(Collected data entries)
====
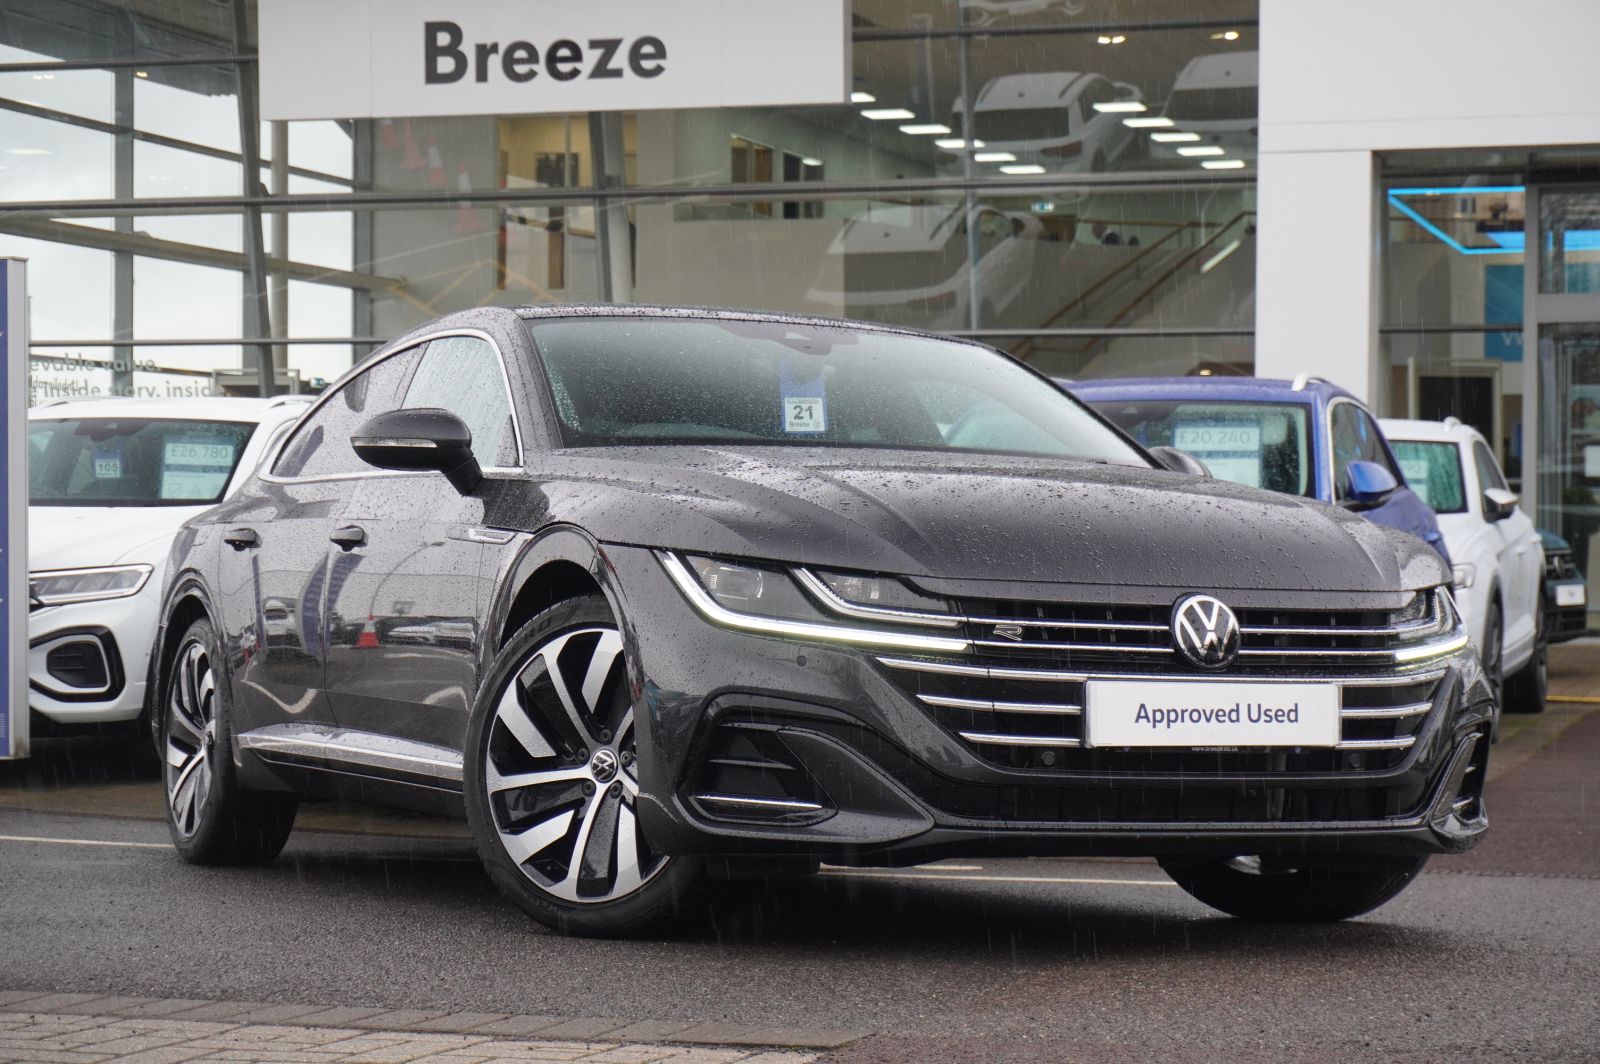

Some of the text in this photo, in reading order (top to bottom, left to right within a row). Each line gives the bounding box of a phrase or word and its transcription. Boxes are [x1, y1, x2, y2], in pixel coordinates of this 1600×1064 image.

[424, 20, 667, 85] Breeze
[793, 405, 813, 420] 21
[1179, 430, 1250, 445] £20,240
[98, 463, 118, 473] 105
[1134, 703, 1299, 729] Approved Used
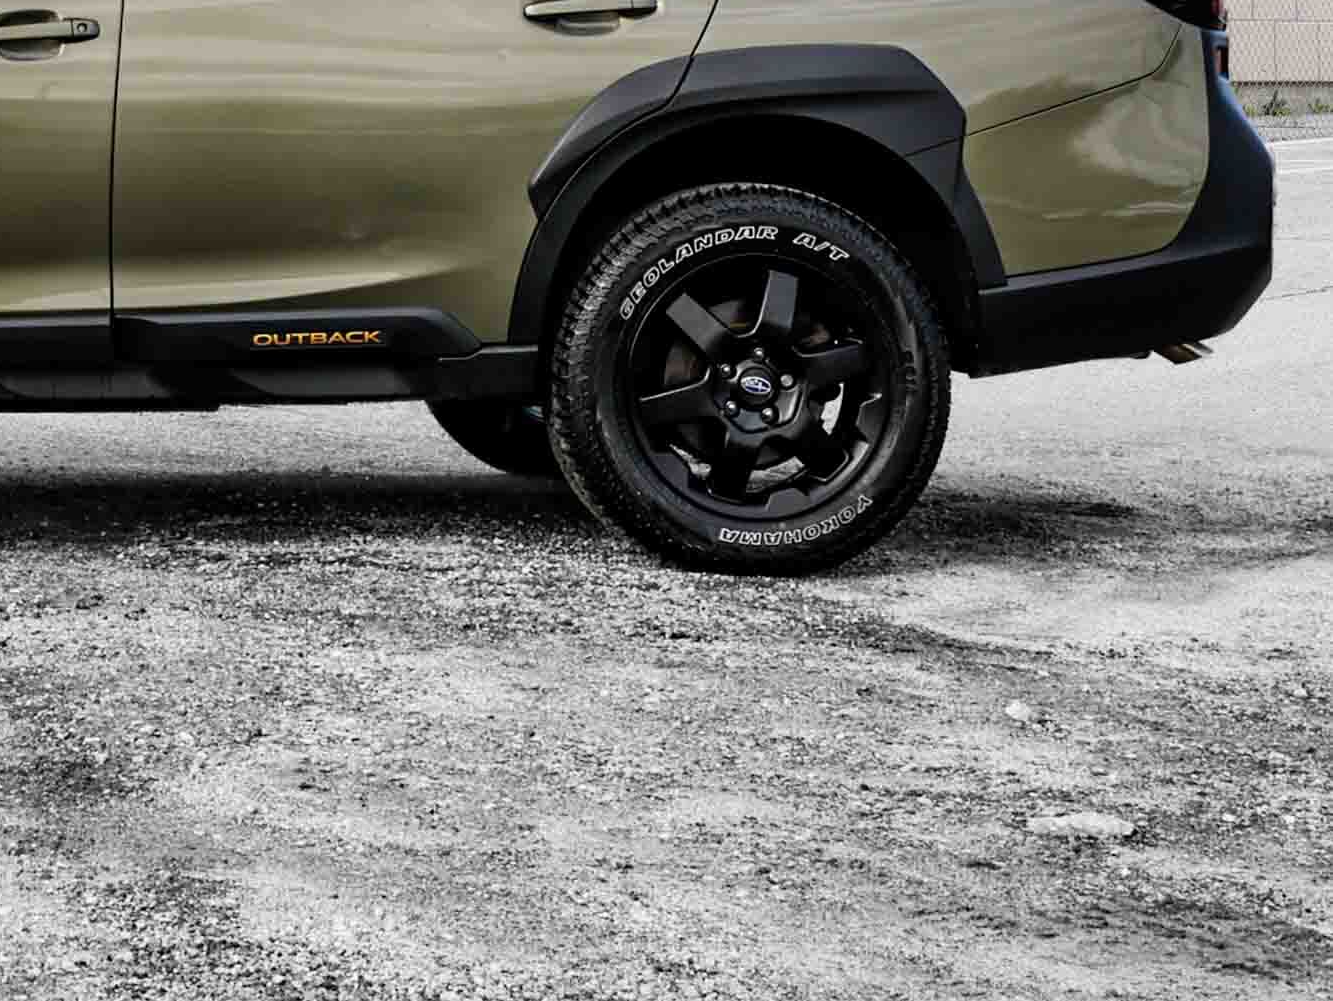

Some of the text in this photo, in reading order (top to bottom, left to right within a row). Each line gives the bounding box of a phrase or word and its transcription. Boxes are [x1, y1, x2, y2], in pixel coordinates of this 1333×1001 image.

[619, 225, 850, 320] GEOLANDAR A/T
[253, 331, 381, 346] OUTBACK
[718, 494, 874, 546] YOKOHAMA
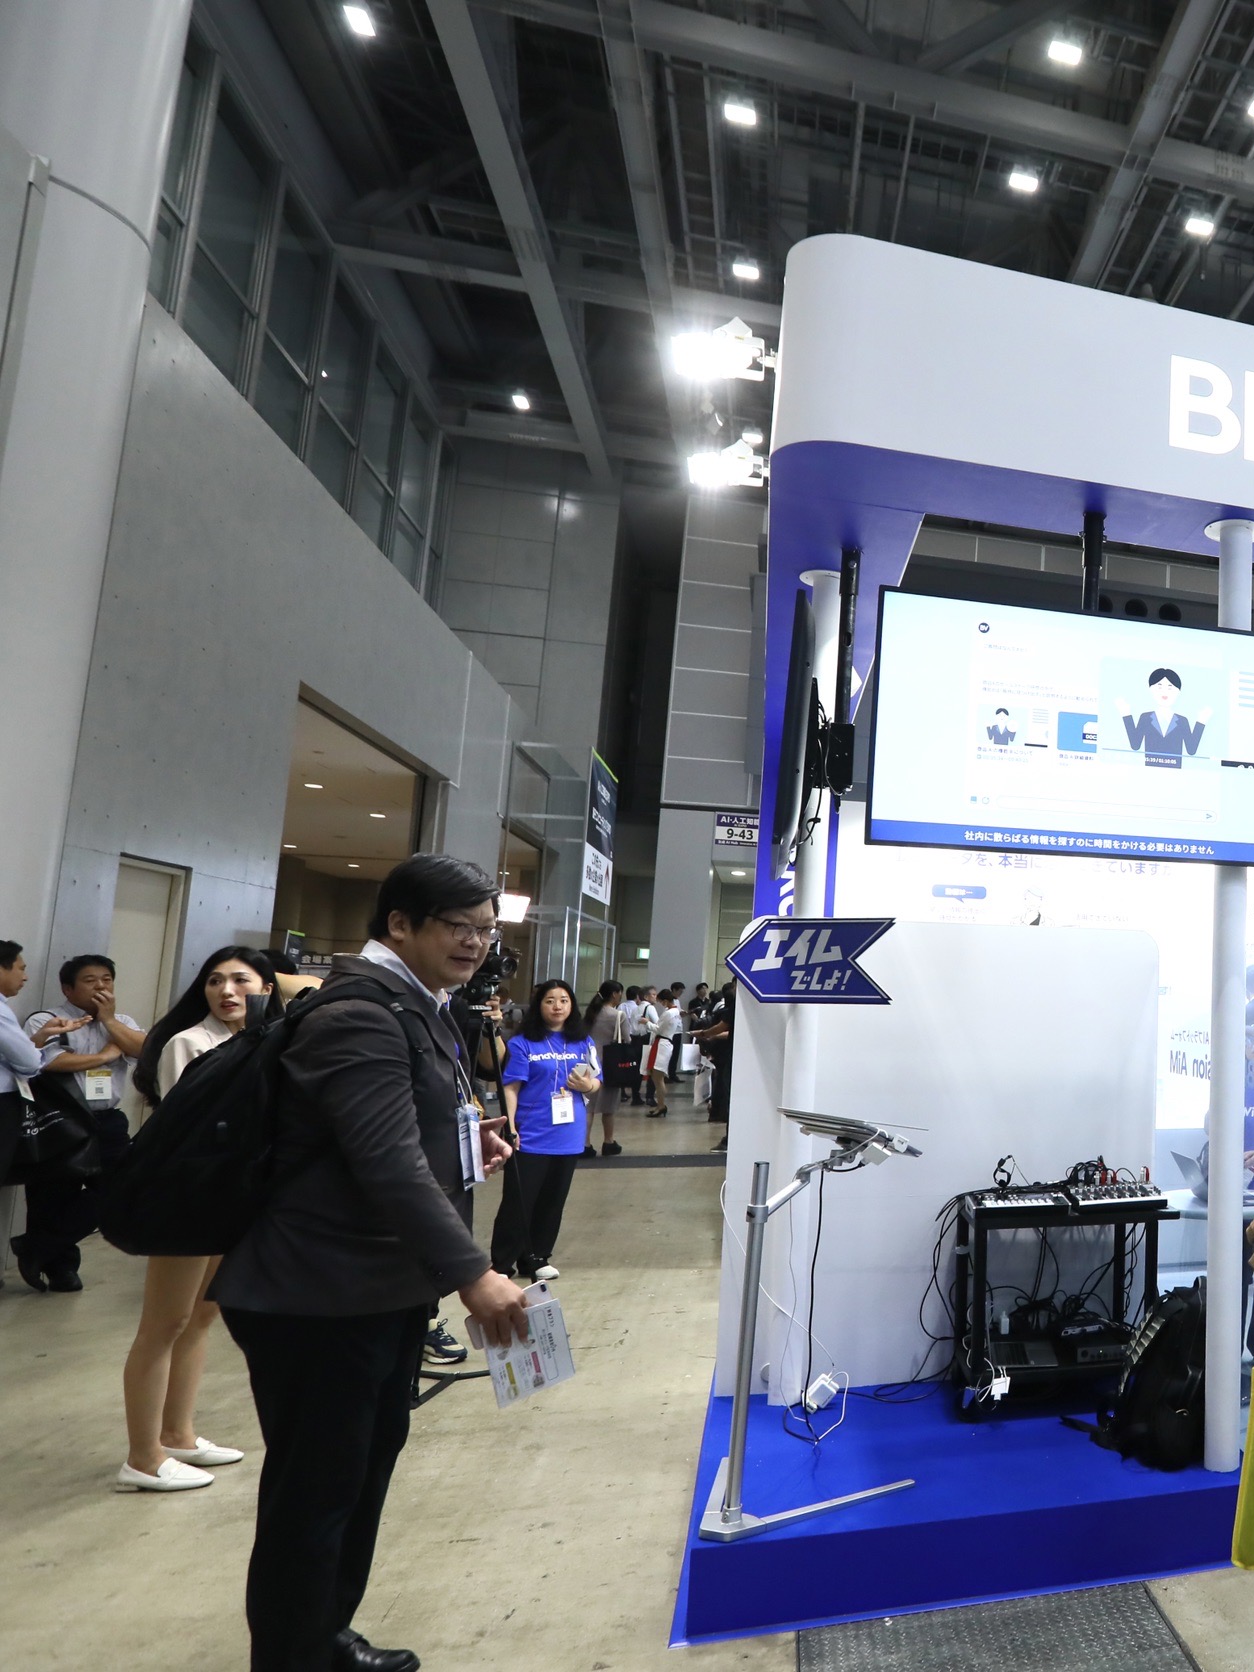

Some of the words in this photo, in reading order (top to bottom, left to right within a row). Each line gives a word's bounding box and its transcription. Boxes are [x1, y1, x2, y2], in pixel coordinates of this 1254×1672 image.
====
- ACTIVITY -
Output the data exactly. Leave every picture out.

- SOLVED EXERCISE -
Some of the text in this photo, in reading order (top to bottom, left to right within a row). Each line gives the bounding box of a phrase or word and its transcription. Boxes are [x1, y1, x2, y2], in pixel coordinates of this 1600×1064 image.

[424, 20, 667, 85] Breeze
[793, 405, 813, 420] 21
[1179, 430, 1250, 445] £20,240
[98, 463, 118, 473] 105
[1134, 703, 1299, 729] Approved Used

Some of the text in this photo, in reading order (top to bottom, left to right within a row). Each line gives the bounding box of a phrase or word and its transcription. Boxes are [x1, y1, x2, y2], in pixel coordinates of this 1333×1001 image.

[619, 225, 850, 320] GEOLANDAR A/T
[253, 331, 381, 346] OUTBACK
[718, 494, 874, 546] YOKOHAMA

Some of the words in this photo, in reading order (top to bottom, left to right within a row). Each line gives a word's bounding box and its transcription. Boxes are [x1, y1, x2, y2], in pixel coordinates of this 1254×1672 image.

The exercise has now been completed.